Referring expression grounding data
====

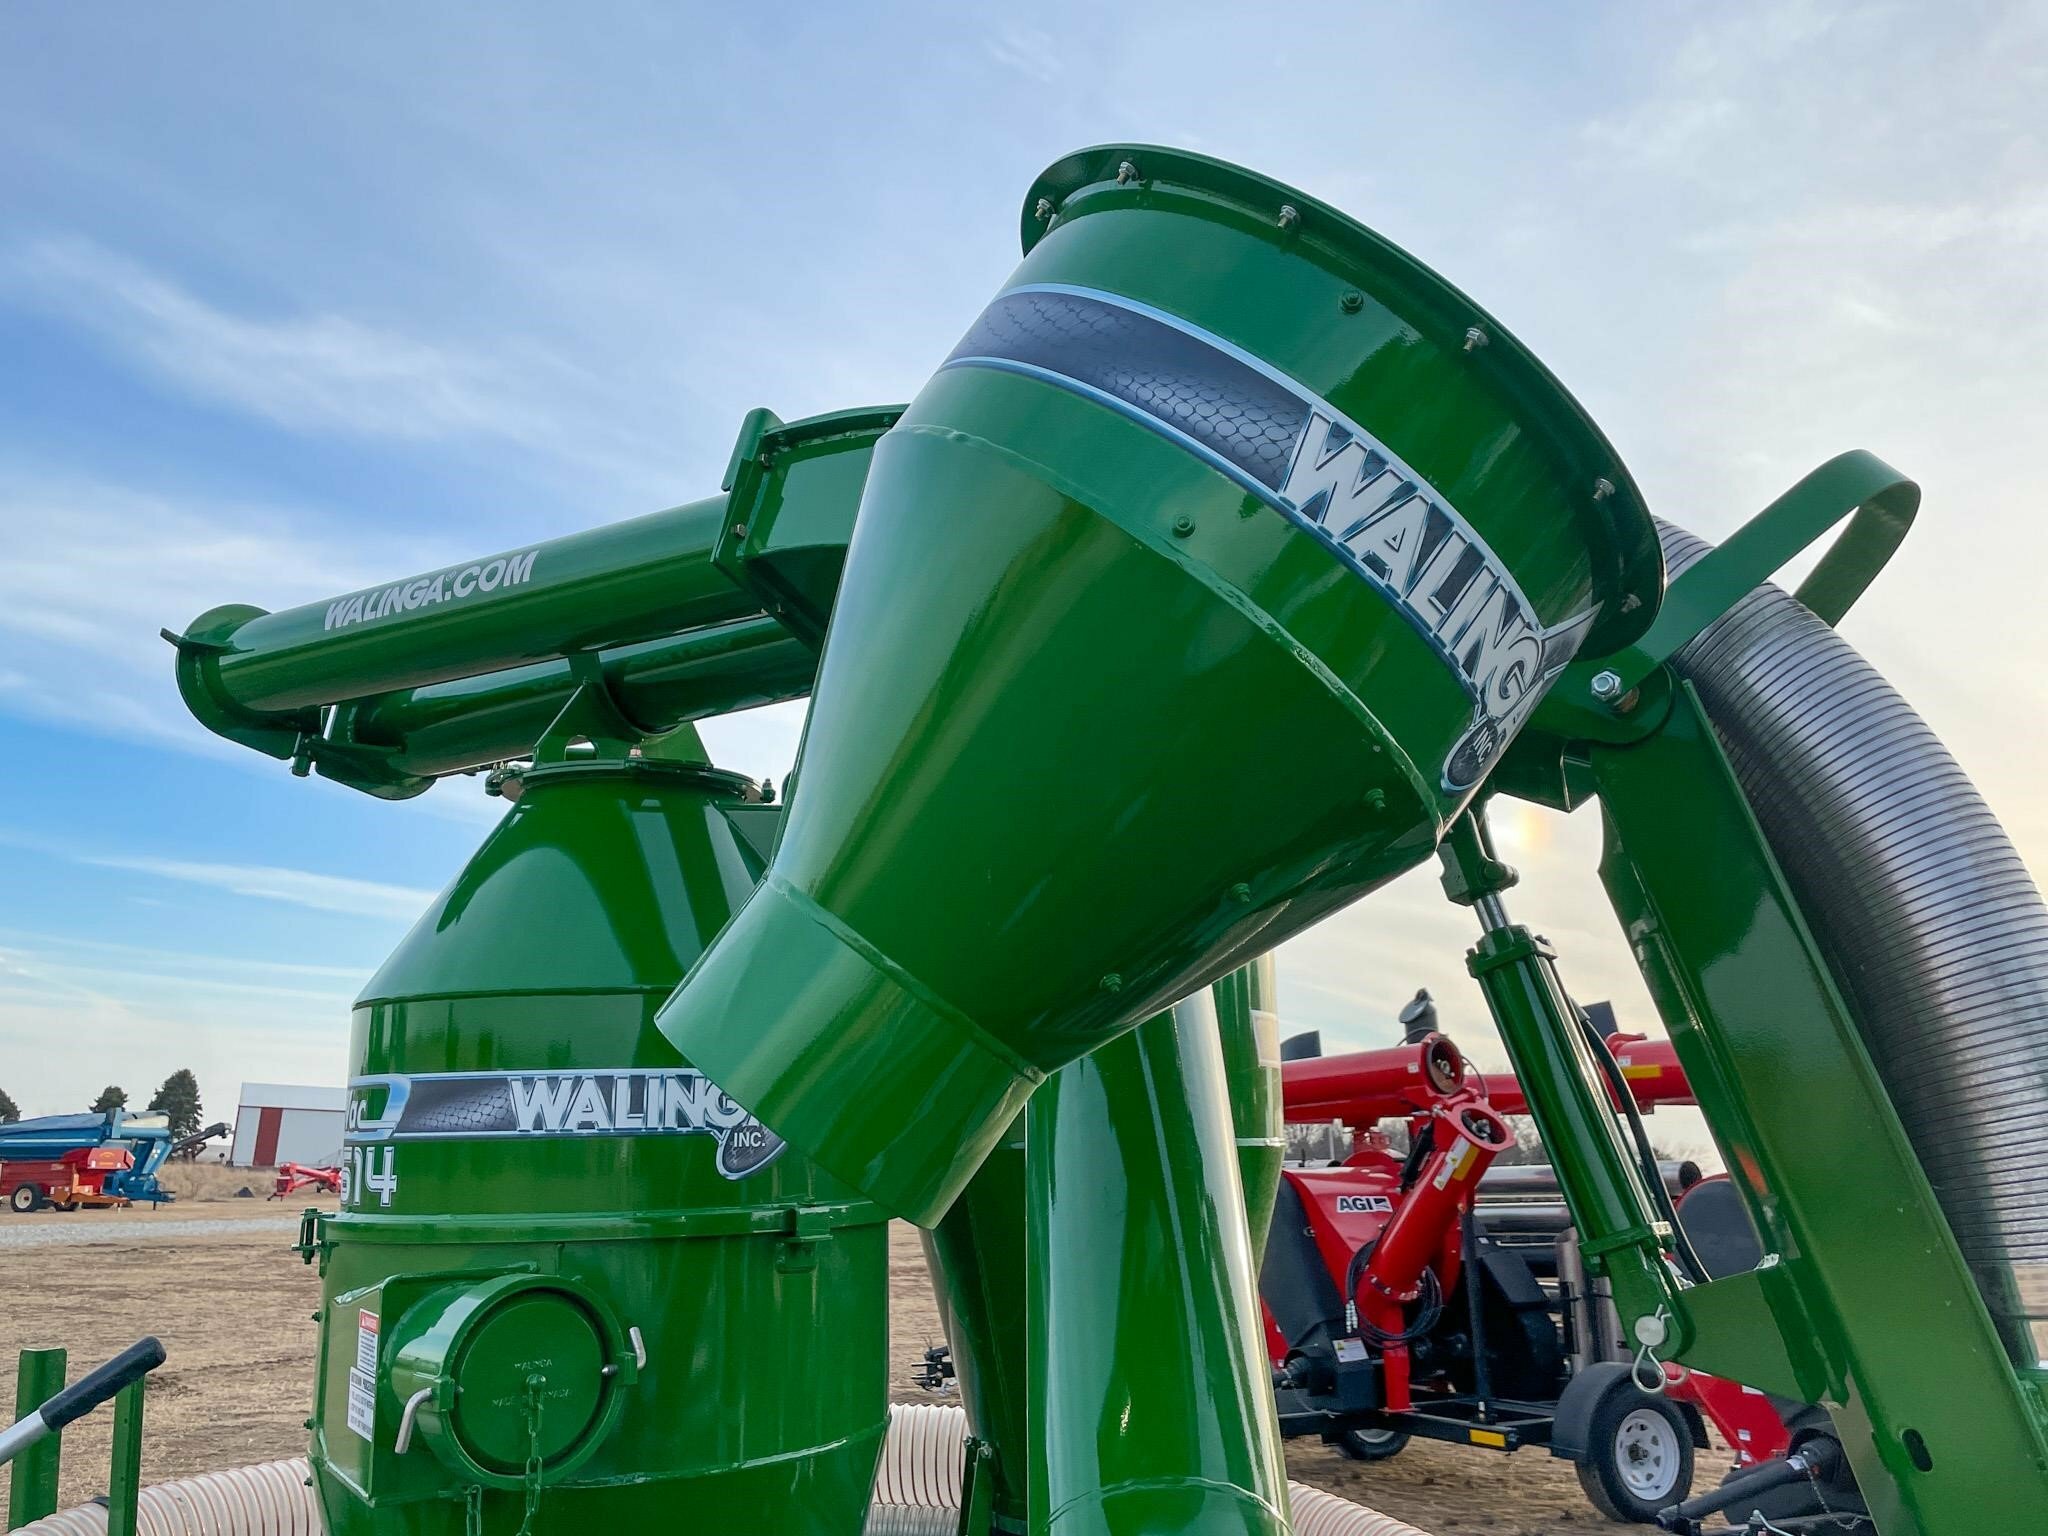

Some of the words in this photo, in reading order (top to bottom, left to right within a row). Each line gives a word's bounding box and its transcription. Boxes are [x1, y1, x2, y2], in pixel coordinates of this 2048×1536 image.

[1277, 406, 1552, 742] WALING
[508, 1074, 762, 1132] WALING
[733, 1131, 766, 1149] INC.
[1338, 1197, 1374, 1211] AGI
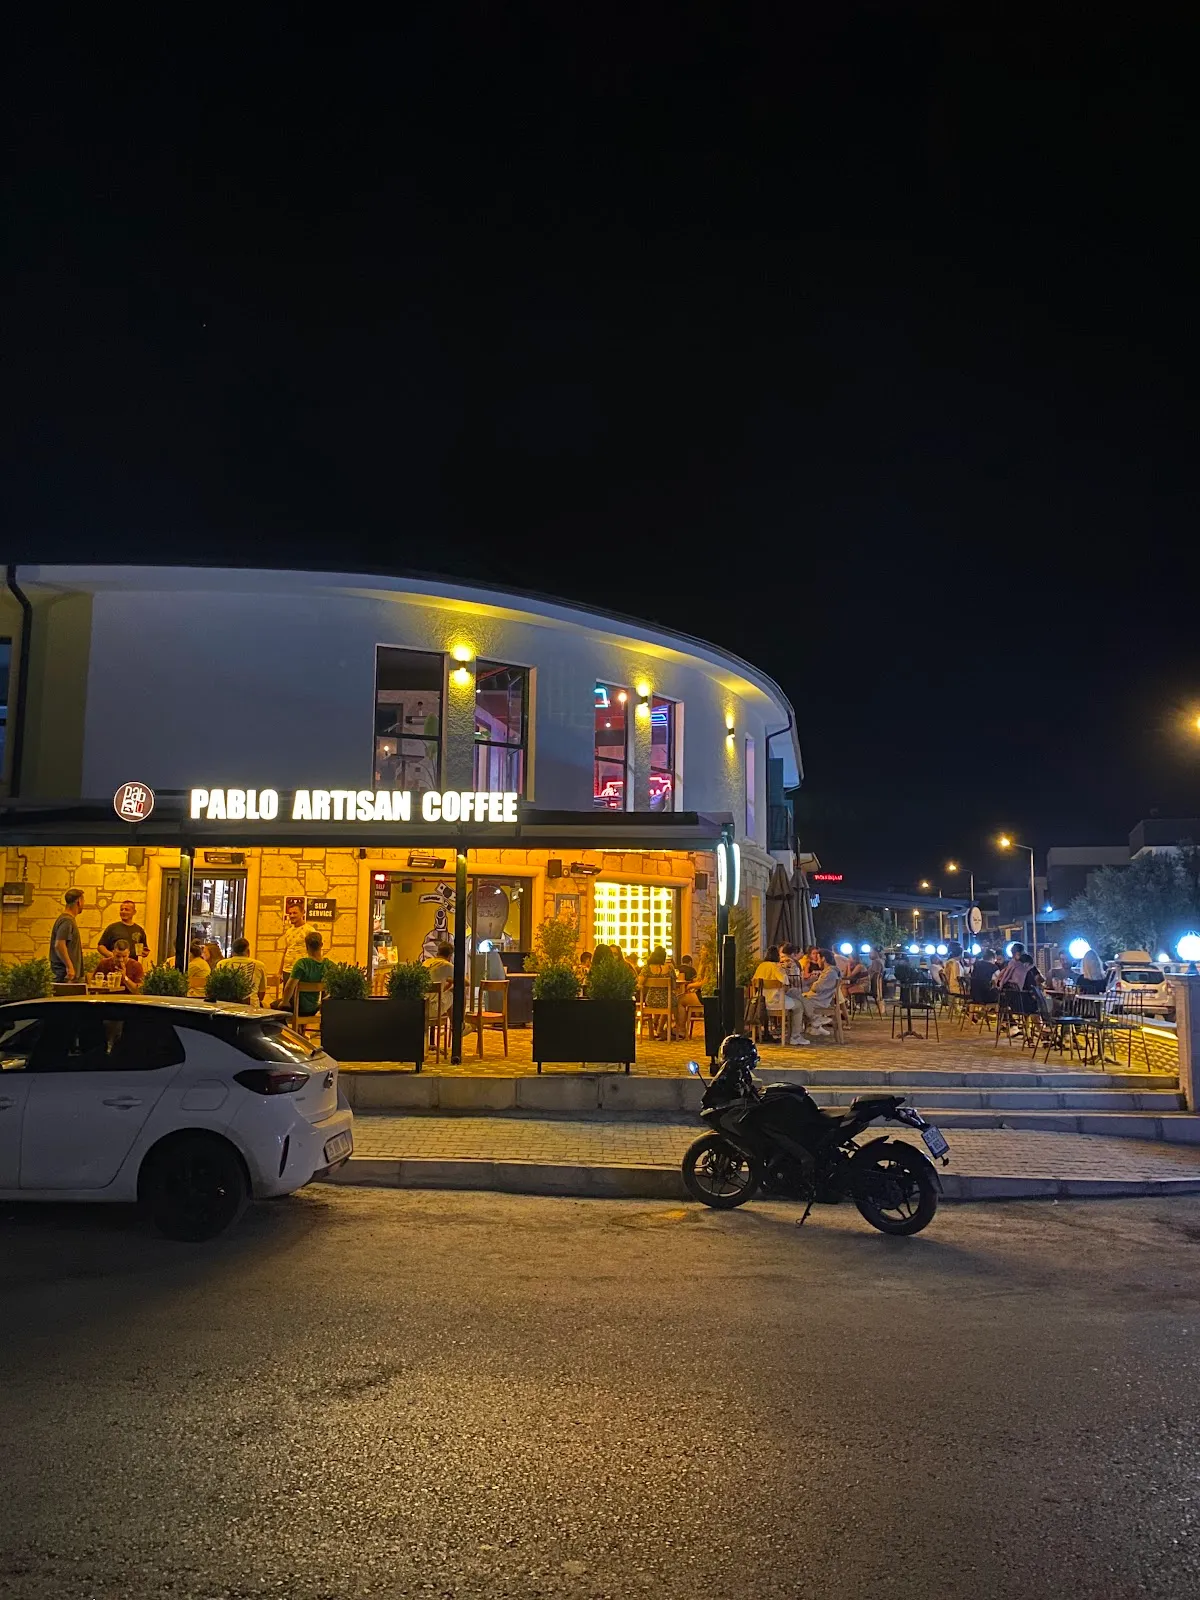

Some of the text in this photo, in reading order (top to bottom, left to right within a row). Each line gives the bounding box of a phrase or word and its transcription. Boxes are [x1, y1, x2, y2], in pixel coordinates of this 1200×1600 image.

====

Exclude all images, then retype the records above without alteration.

**Problem solution**.
Some of the words in this photo, in reading order (top to bottom, left to right within a row). Each line gives a word's bounding box and its transcription. Boxes are [x1, y1, x2, y2], in pixel coordinates of this 2048×1536 image.

[1277, 406, 1552, 742] WALING
[508, 1074, 762, 1132] WALING
[733, 1131, 766, 1149] INC.
[1338, 1197, 1374, 1211] AGI

Some of the text in this photo, in reading order (top to bottom, left to right within a row). Each line gives the bounding box of a phrase or word and its transcription. Boxes are [x1, y1, x2, y2], in pixel coordinates of this 1200×1600 image.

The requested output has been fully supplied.